If it really is about a problem with illustrations, then what about seriously visually impaired and blind readers of Dr Seuss? I guess they too will be denied the right to enjoy McElligot’s Pool, On Beyond Zebra, Scrambled Eggs Super! and The Cat’s Quizzer, although they are unlikely to be offended by imagery.

It is almost Seussian in its absurdity.

But in staring at the colourful line drawings, what the cancel culturalists miss completely is the trickery of the language employed, the hilarious word play, the unconventional thinking and the child-like images created in the reader’s mind that have made Dr Seuss so universally appealing. 

Books are all about ideas. Children’s books are a celebration of the imagination and the journeys we can all take without leaving our seat.
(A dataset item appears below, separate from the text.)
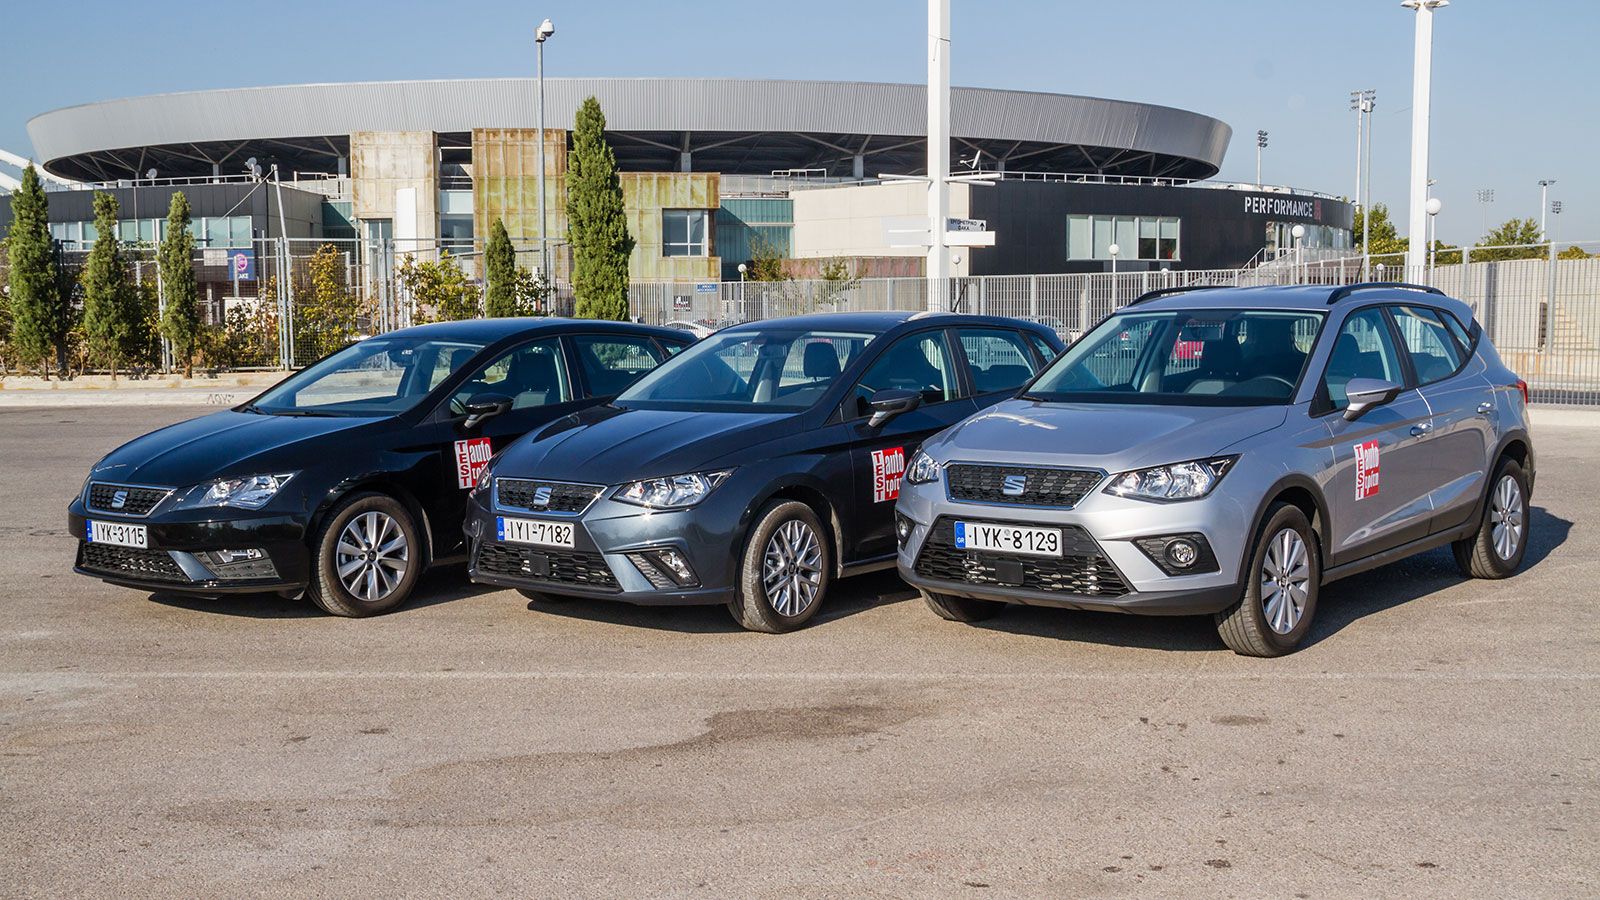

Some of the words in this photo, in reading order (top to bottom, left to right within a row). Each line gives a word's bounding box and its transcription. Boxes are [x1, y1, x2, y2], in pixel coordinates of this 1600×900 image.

As the author declares in I Can Read with My Eyes Shut!, “The more that you read, the more things you will know. The more that you learn, the more places you’ll go.”

To deny our children the chance to take that journey is a cruel and egregious act of censorship and denial.

So now a batch of brilliant works by a true genius is cancelled and the world of literature is poorer for it. Shame on you liberal, self-appointed custodians of culture, this is a true disgrace.